### MATERIAL PROVIDED
>>>

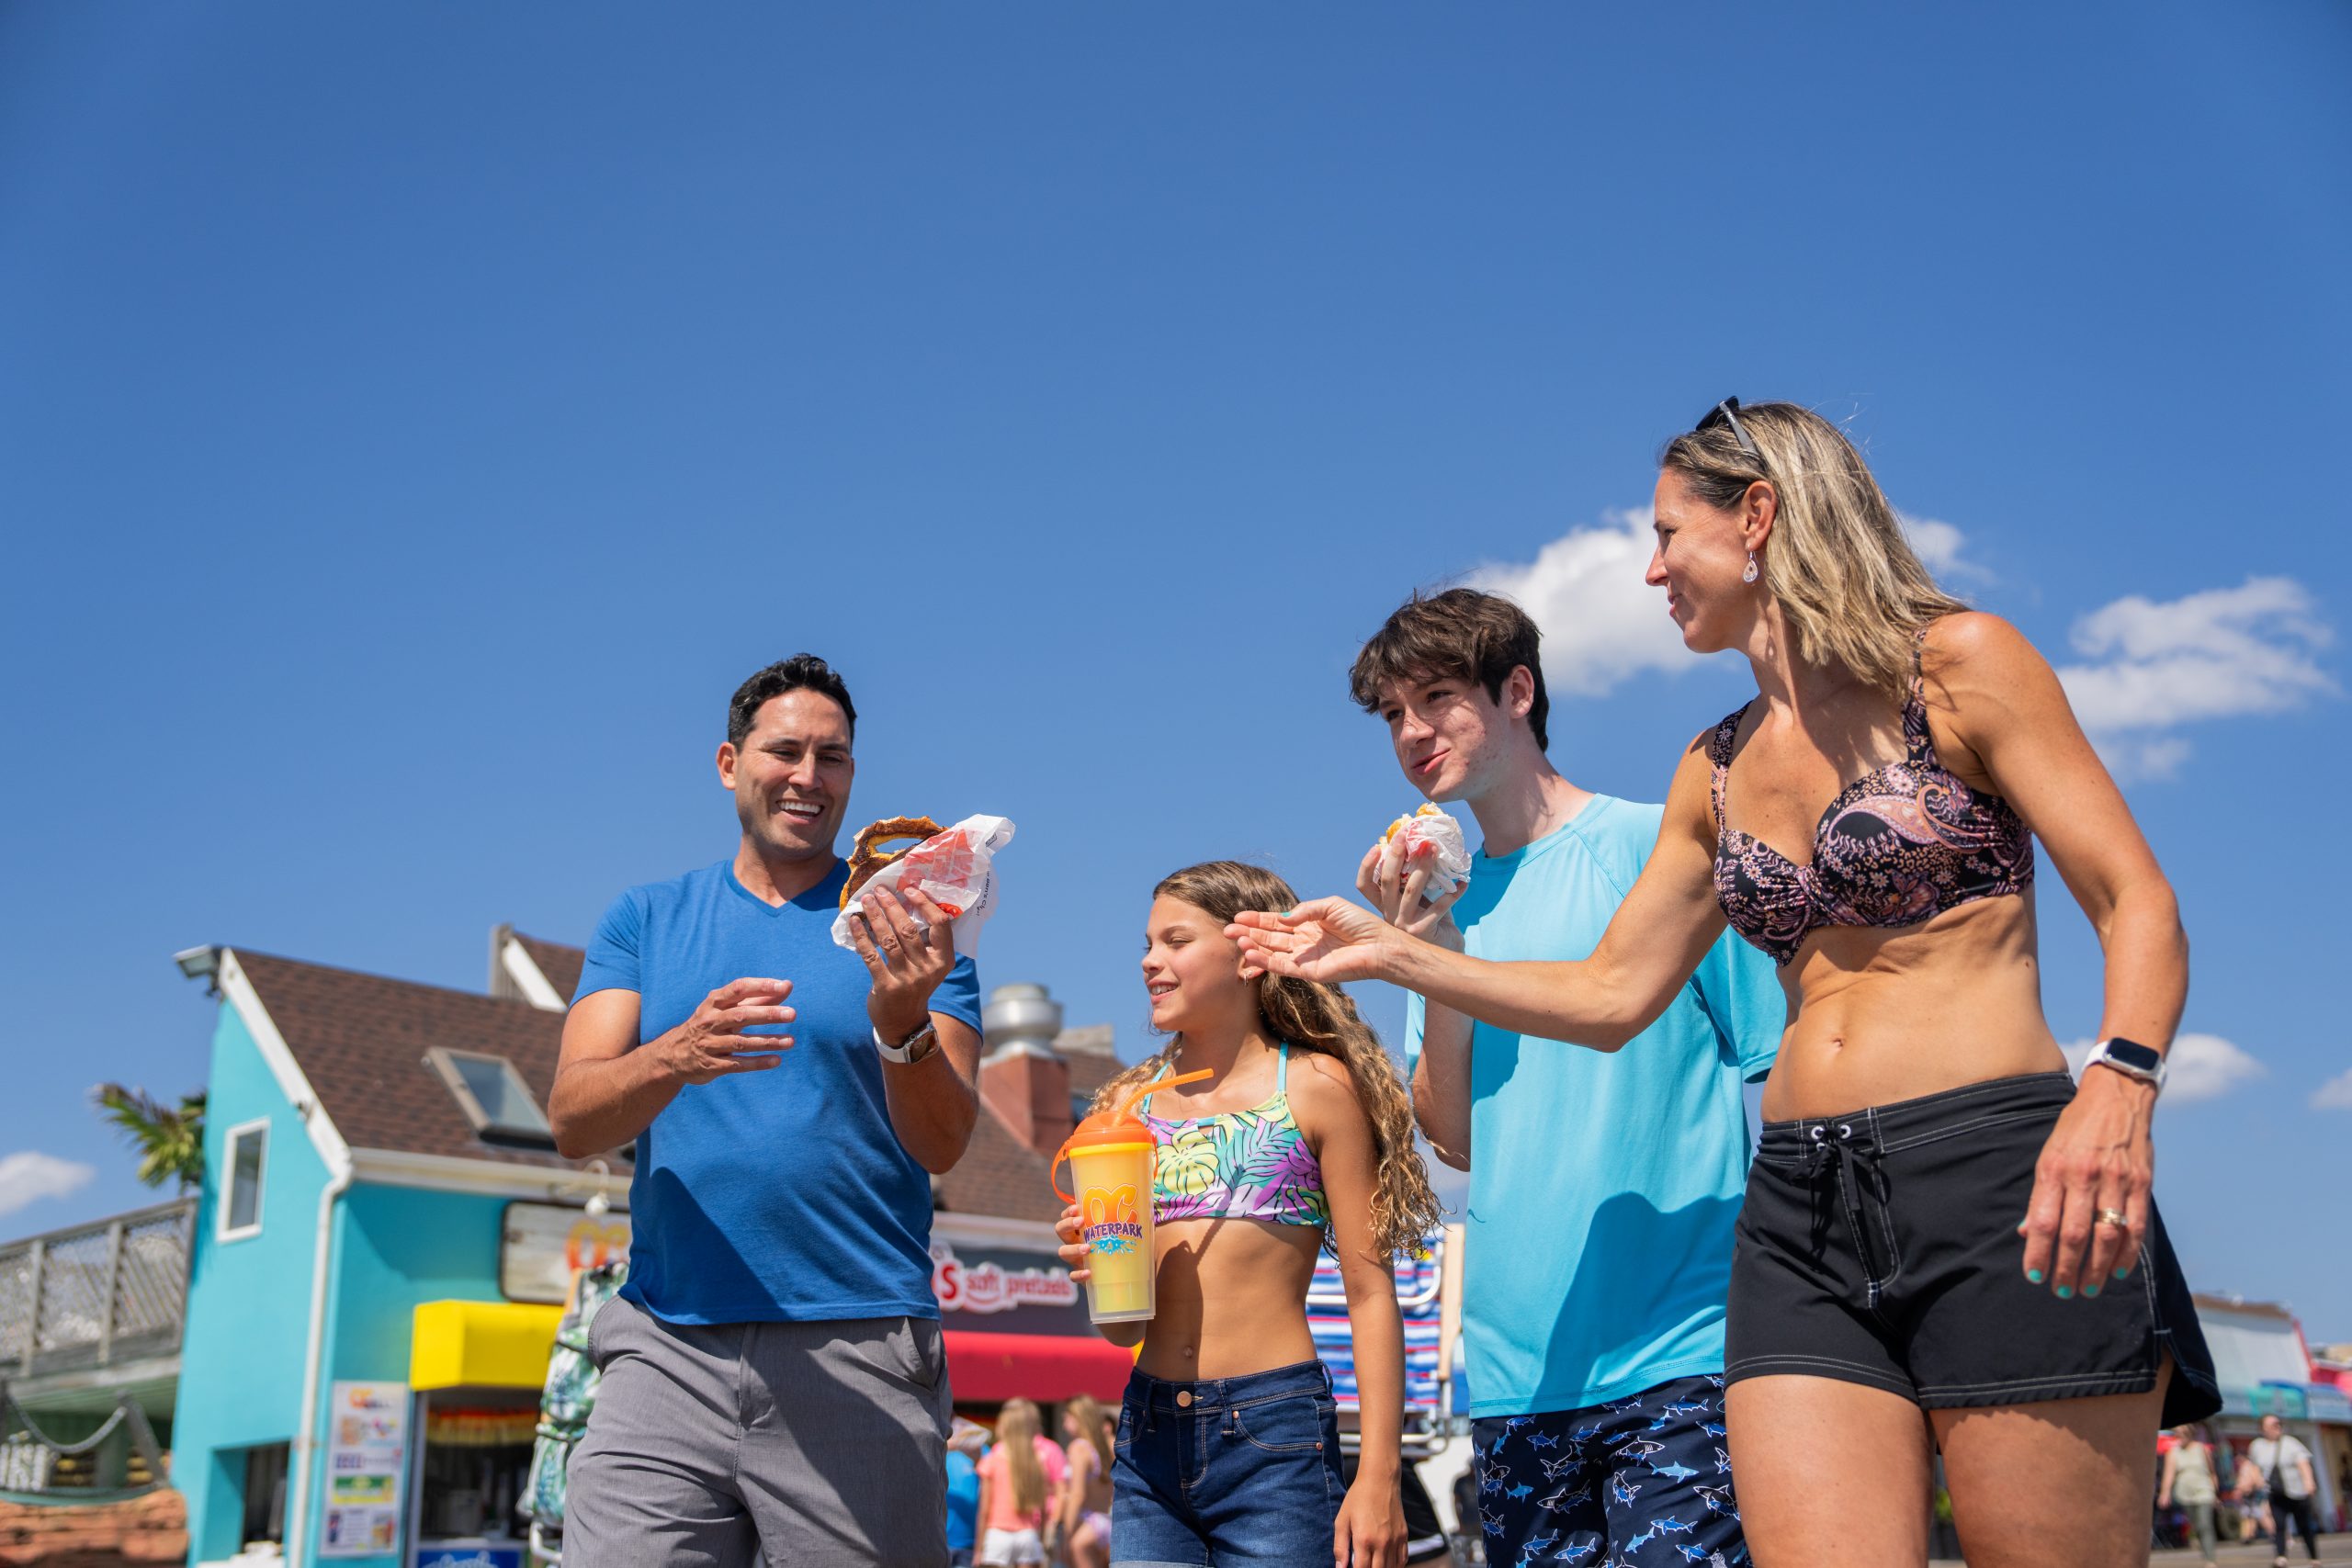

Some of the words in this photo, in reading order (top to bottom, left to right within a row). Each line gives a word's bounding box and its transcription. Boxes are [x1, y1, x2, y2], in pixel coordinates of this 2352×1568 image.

[1082, 1183, 1138, 1227] OC
[1084, 1223, 1143, 1244] WATERPARK
[1007, 1271, 1072, 1298] pretzels
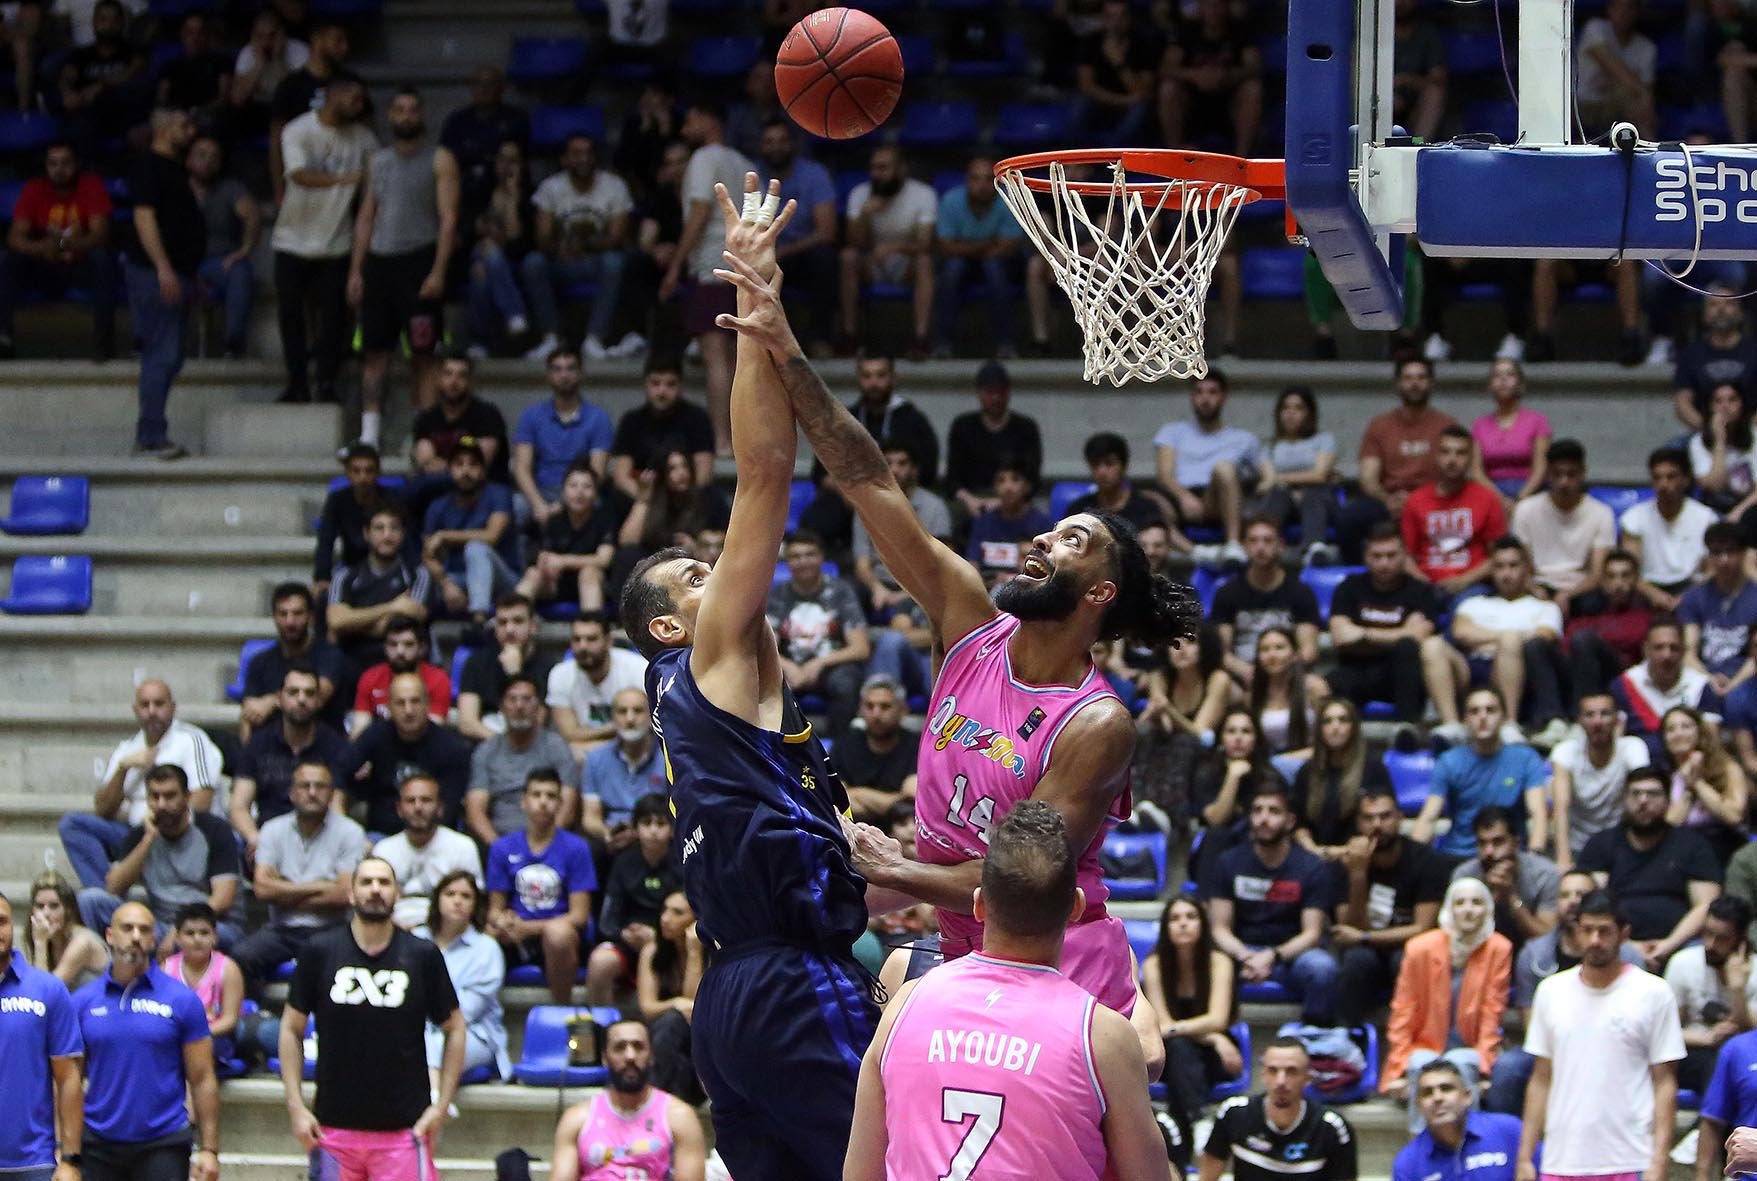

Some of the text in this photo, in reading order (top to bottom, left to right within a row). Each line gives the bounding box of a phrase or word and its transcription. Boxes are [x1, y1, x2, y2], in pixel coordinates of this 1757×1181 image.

[1655, 159, 1757, 191] Sch
[801, 774, 816, 790] 35
[928, 1029, 1041, 1075] AYOUBI
[938, 1087, 1005, 1181] 7
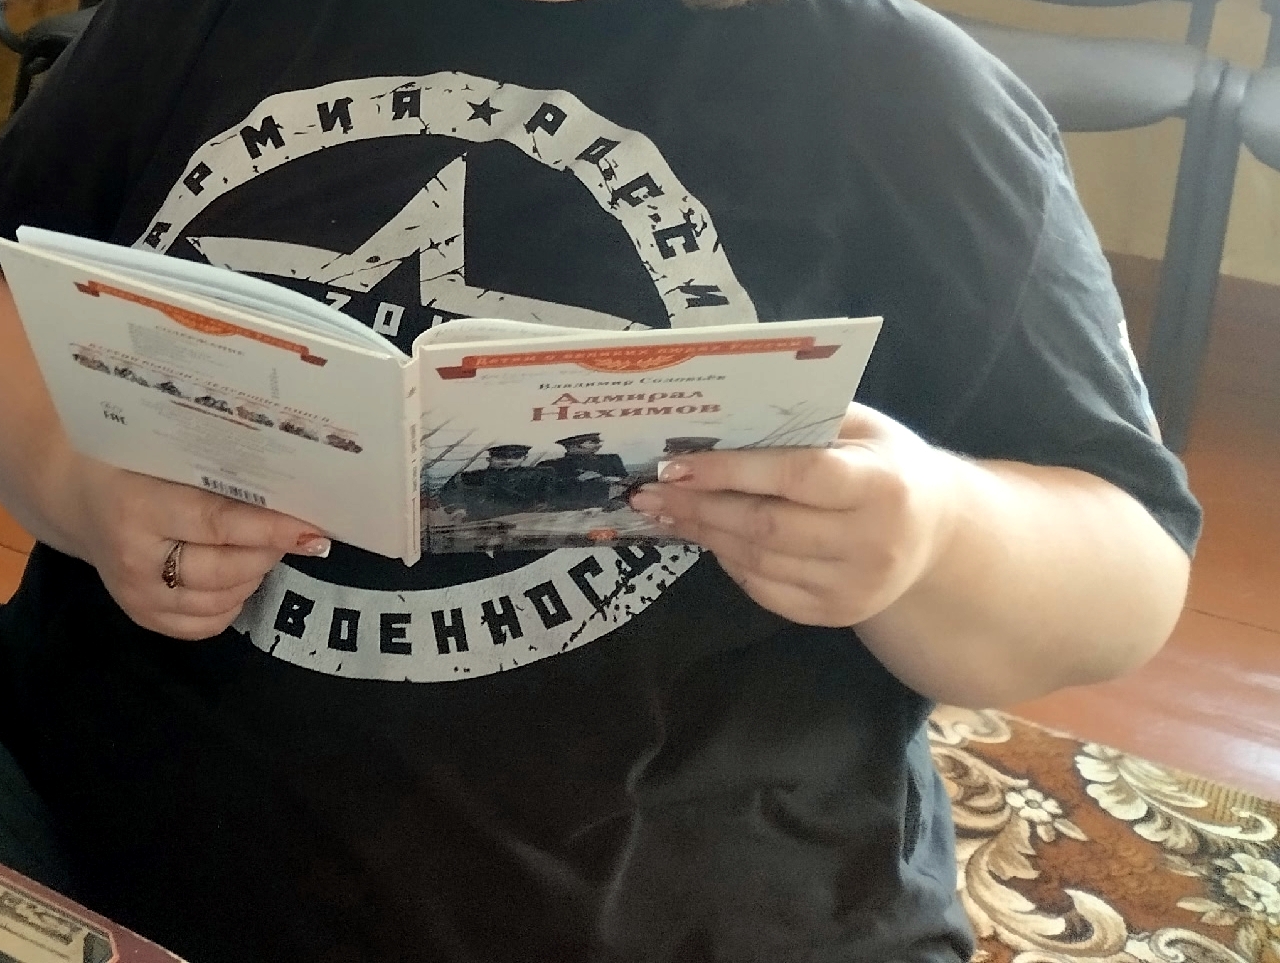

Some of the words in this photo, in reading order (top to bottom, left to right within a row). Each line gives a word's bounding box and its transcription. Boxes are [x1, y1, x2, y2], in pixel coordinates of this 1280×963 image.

<<<

### WHAT TO WORK ON
Leave out all images, then reproduce the entries above exactly.

### OUTPUT FOR THIS EXERCISE
Some of the words in this photo, in reading order (top to bottom, left to right within a row). Each line gives a word's bounding box and its transcription. Boxes are [x1, y1, x2, y2], in pixel coordinates of this 2352×1568 image.

[1082, 1183, 1138, 1227] OC
[1084, 1223, 1143, 1244] WATERPARK
[1007, 1271, 1072, 1298] pretzels

Some of the text in this photo, in reading order (top to bottom, left to right within a row). Each line gives the bounding box of a phrase or word and its transcription. Boxes are [x1, y1, x2, y2], in pixel coordinates of this 1757×1181 image.

[1655, 159, 1757, 191] Sch
[801, 774, 816, 790] 35
[928, 1029, 1041, 1075] AYOUBI
[938, 1087, 1005, 1181] 7

Some of the words in this photo, in reading order (top to bottom, left to right within a row). Each line gives a word's bounding box and its transcription. Boxes are [x1, y1, x2, y2], in pixel coordinates of this 1280×963 image.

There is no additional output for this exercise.